• **Try it**
Quote the records in full and leave their pictures out.
= = =
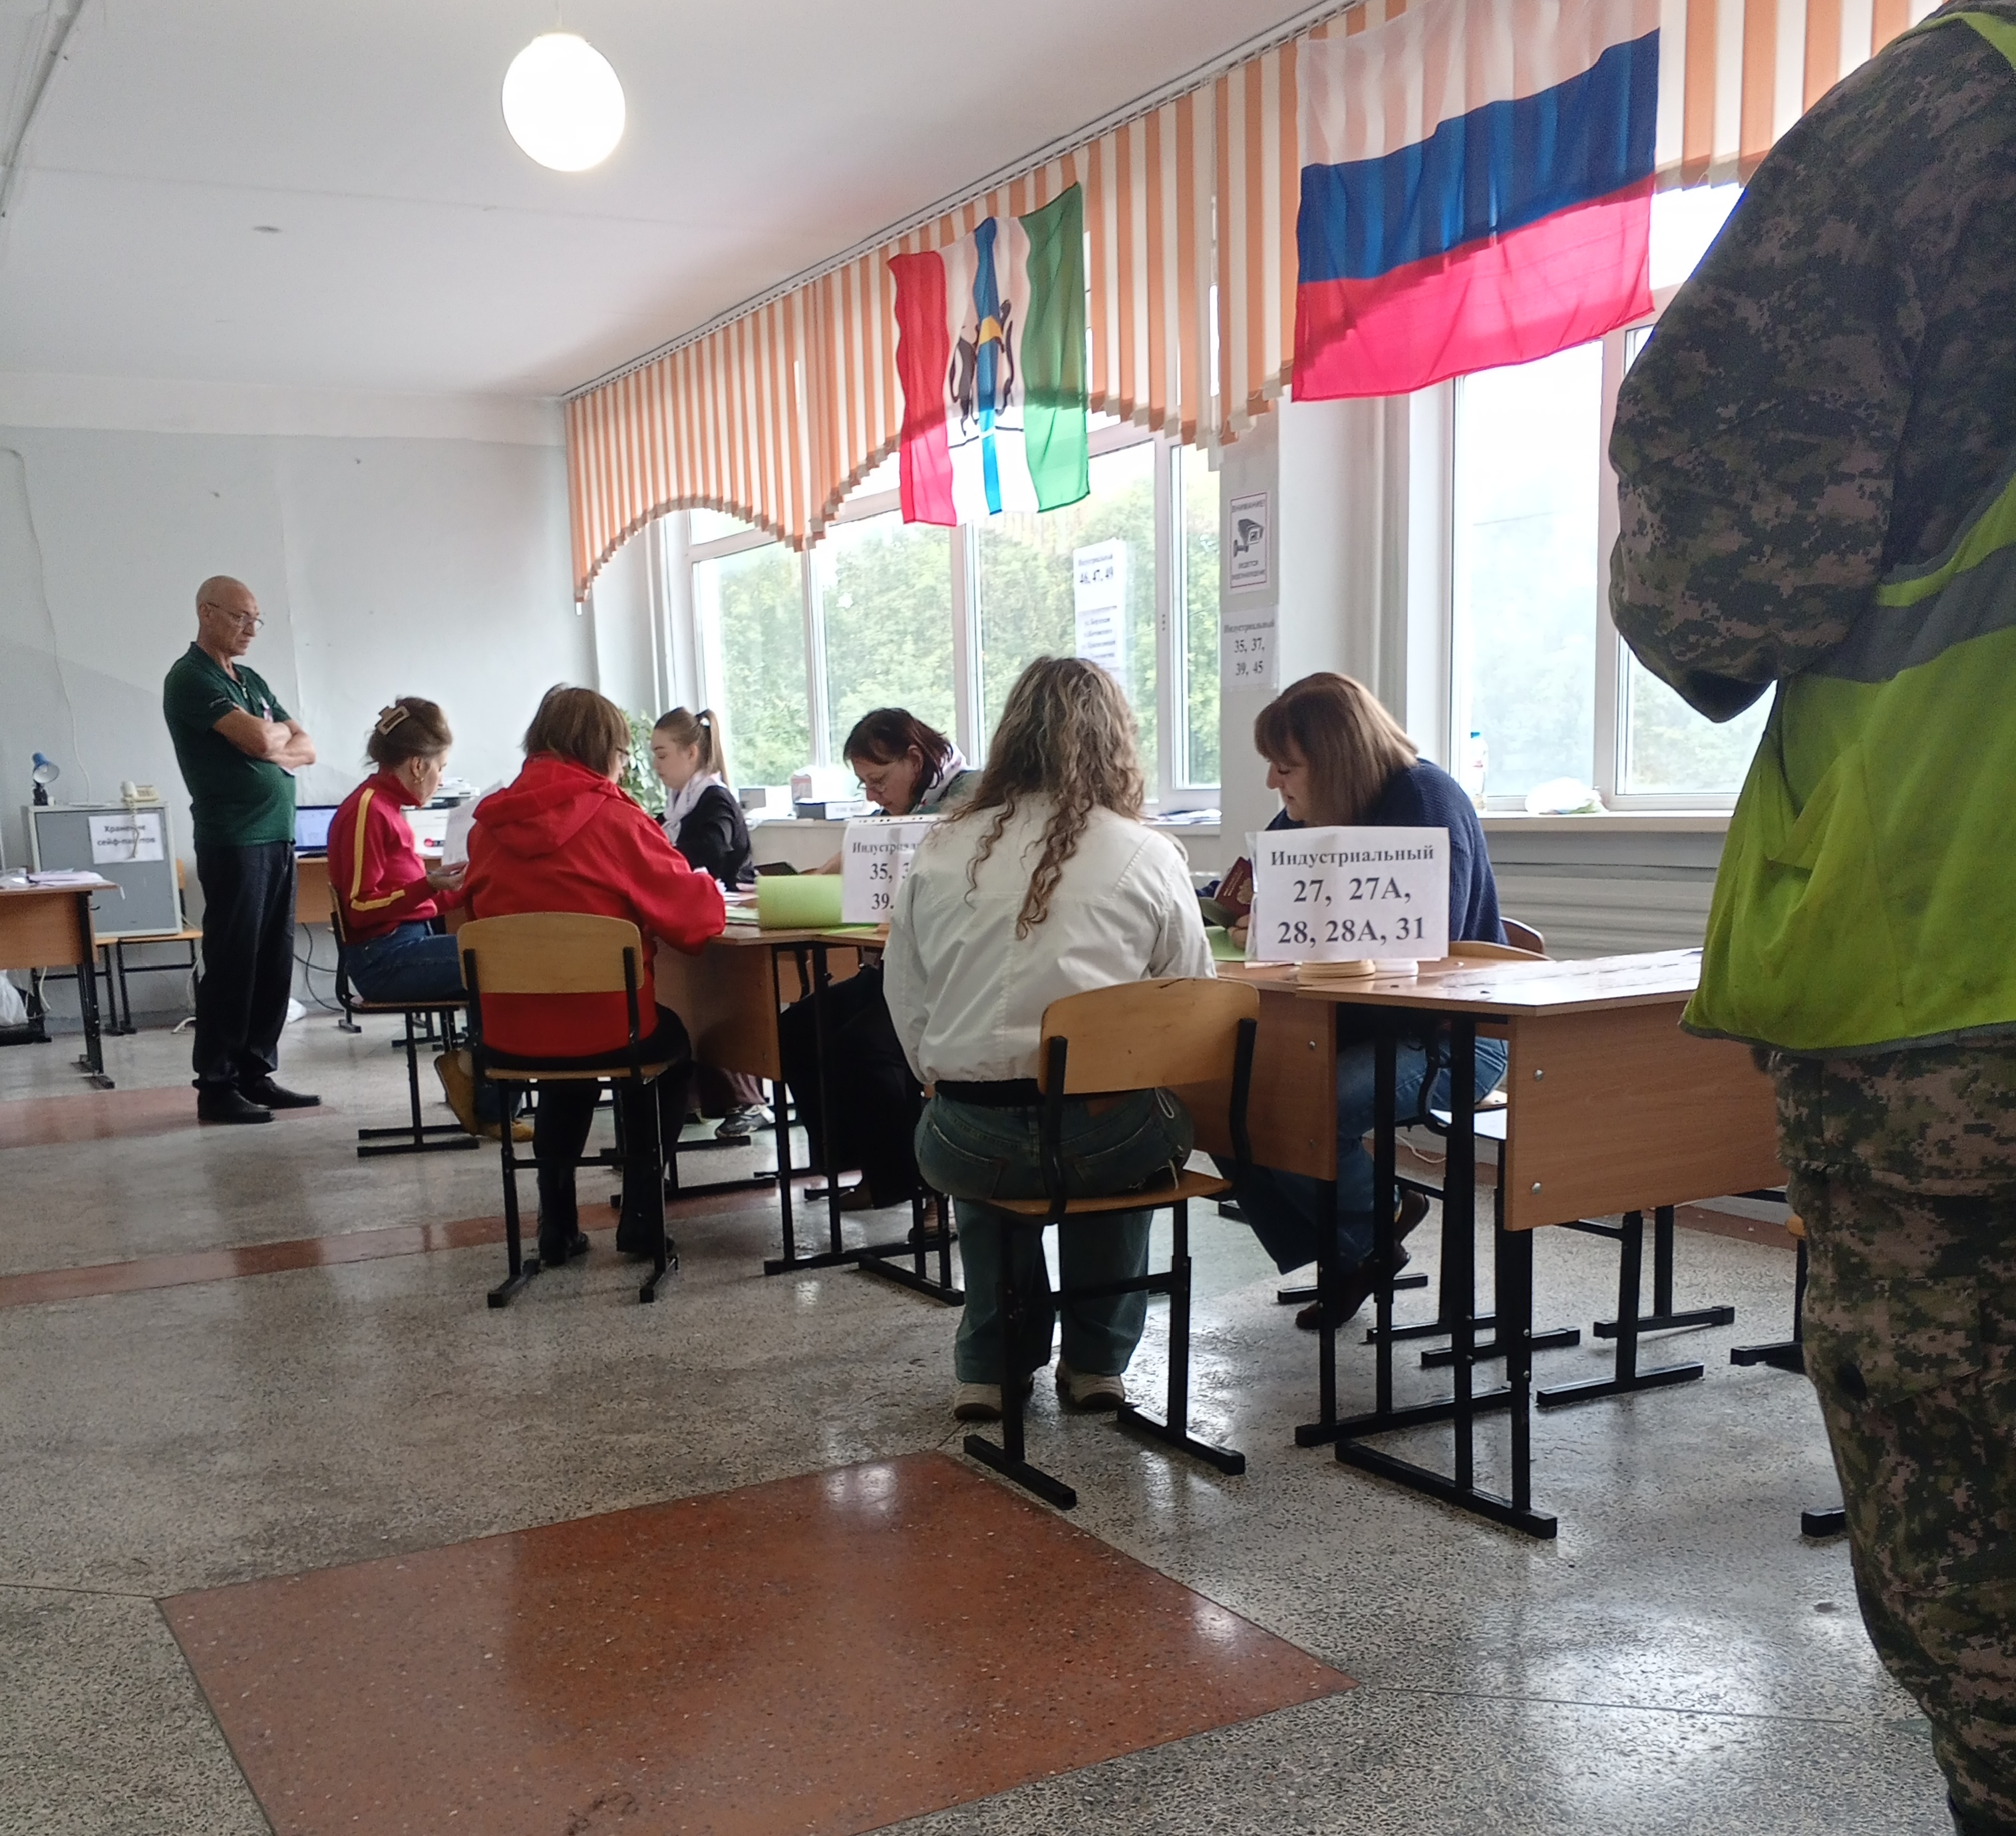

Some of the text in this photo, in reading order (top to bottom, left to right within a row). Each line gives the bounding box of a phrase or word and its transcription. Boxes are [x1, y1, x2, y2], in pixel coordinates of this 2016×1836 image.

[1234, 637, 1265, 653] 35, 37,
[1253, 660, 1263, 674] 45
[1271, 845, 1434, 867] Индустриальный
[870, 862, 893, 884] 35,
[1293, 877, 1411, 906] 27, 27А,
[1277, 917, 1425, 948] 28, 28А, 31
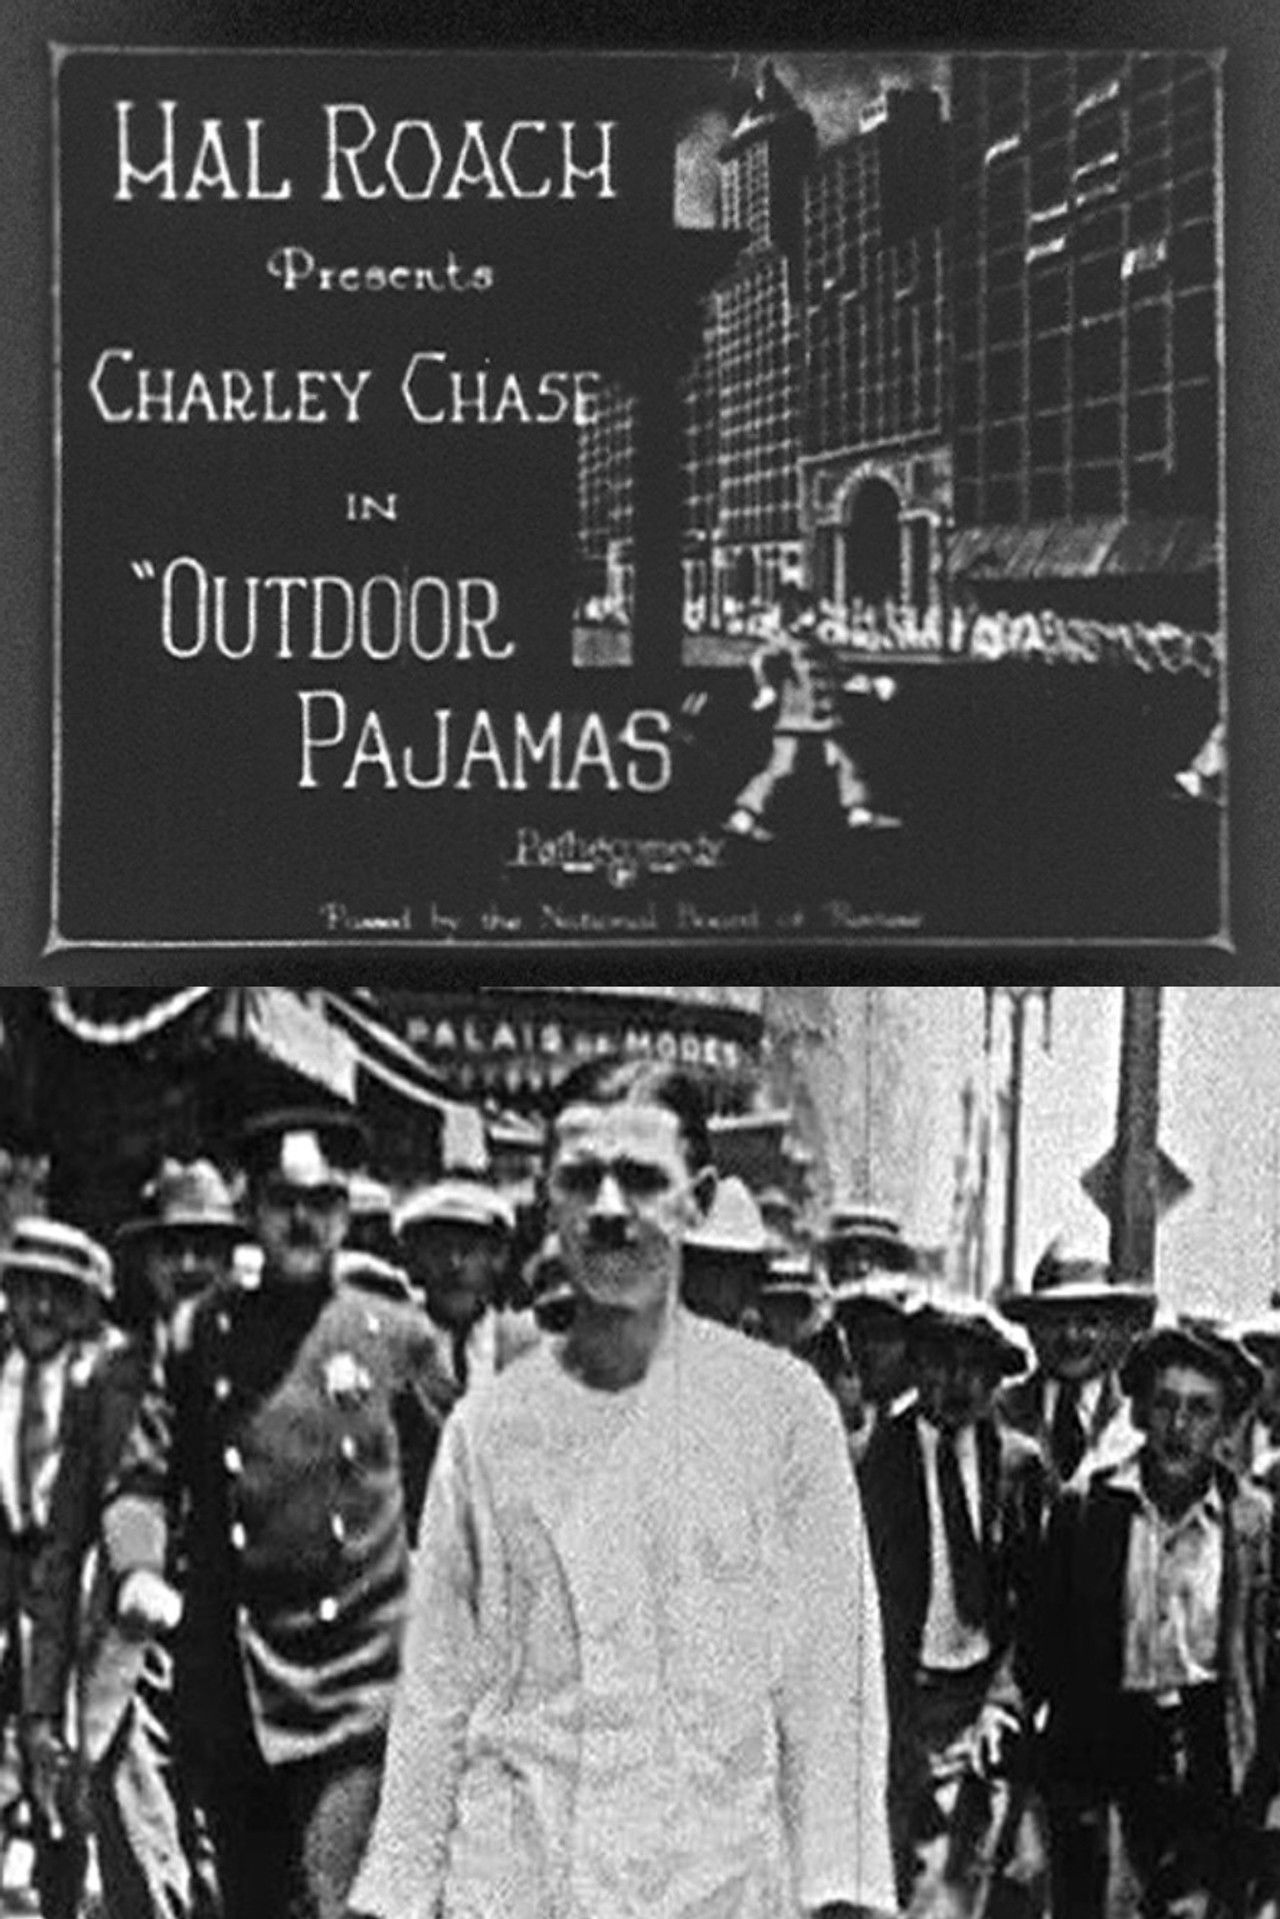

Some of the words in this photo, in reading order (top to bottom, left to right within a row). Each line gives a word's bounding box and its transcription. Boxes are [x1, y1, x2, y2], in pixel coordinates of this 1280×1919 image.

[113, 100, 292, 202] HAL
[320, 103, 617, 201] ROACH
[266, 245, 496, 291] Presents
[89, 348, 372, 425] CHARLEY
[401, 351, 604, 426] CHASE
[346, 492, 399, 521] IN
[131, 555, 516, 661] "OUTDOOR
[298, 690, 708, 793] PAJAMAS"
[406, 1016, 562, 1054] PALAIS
= = =
• **Answer to this task**
Some of the text in this photo, in reading order (top to bottom, left to right within a row). Each line gives the bounding box of a phrase or word and its transcription. Boxes are [x1, y1, x2, y2], in pixel coordinates of this 2016×1836 image.

[1234, 637, 1265, 653] 35, 37,
[1253, 660, 1263, 674] 45
[1271, 845, 1434, 867] Индустриальный
[870, 862, 893, 884] 35,
[1293, 877, 1411, 906] 27, 27А,
[1277, 917, 1425, 948] 28, 28А, 31

Some of the words in this photo, in reading order (top to bottom, left to right within a row). Each line gives a word's bounding box and its transcription. Boxes are [x1, y1, x2, y2], in pixel coordinates of this 1280×1919 image.

[113, 100, 292, 202] HAL
[320, 103, 617, 201] ROACH
[266, 245, 496, 291] Presents
[89, 348, 372, 425] CHARLEY
[401, 351, 604, 426] CHASE
[346, 492, 399, 521] IN
[131, 555, 516, 661] "OUTDOOR
[298, 690, 708, 793] PAJAMAS"
[406, 1016, 562, 1054] PALAIS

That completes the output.